_YOUR ASSIGNMENT_
All of the data must be printed exactly; please include every line.

***** PROVIDED RECORDS *****

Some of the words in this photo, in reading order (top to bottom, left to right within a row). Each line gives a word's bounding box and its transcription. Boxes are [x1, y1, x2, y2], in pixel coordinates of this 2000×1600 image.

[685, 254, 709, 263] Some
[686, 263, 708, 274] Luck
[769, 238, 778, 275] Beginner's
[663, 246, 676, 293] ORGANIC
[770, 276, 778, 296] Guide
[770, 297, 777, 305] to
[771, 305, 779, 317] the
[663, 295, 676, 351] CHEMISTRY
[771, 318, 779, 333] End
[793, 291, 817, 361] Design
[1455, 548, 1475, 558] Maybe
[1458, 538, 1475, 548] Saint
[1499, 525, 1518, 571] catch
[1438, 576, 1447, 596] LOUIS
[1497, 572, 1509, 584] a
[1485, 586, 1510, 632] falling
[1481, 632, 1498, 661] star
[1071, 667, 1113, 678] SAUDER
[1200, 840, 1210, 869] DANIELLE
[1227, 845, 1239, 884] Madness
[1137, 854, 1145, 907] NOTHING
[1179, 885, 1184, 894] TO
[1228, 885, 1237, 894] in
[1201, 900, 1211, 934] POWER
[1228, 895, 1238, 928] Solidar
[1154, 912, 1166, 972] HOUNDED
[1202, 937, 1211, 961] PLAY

*****

_RESPONSE BELOW_
Some of the words in this photo, in reading order (top to bottom, left to right within a row). Each line gives a word's bounding box and its transcription. Boxes are [x1, y1, x2, y2], in pixel coordinates of this 2000×1600 image.

[685, 254, 709, 263] Some
[686, 263, 708, 274] Luck
[769, 238, 778, 275] Beginner's
[663, 246, 676, 293] ORGANIC
[770, 276, 778, 296] Guide
[770, 297, 777, 305] to
[771, 305, 779, 317] the
[663, 295, 676, 351] CHEMISTRY
[771, 318, 779, 333] End
[793, 291, 817, 361] Design
[1455, 548, 1475, 558] Maybe
[1458, 538, 1475, 548] Saint
[1499, 525, 1518, 571] catch
[1438, 576, 1447, 596] LOUIS
[1497, 572, 1509, 584] a
[1485, 586, 1510, 632] falling
[1481, 632, 1498, 661] star
[1071, 667, 1113, 678] SAUDER
[1200, 840, 1210, 869] DANIELLE
[1227, 845, 1239, 884] Madness
[1137, 854, 1145, 907] NOTHING
[1179, 885, 1184, 894] TO
[1228, 885, 1237, 894] in
[1201, 900, 1211, 934] POWER
[1228, 895, 1238, 928] Solidar
[1154, 912, 1166, 972] HOUNDED
[1202, 937, 1211, 961] PLAY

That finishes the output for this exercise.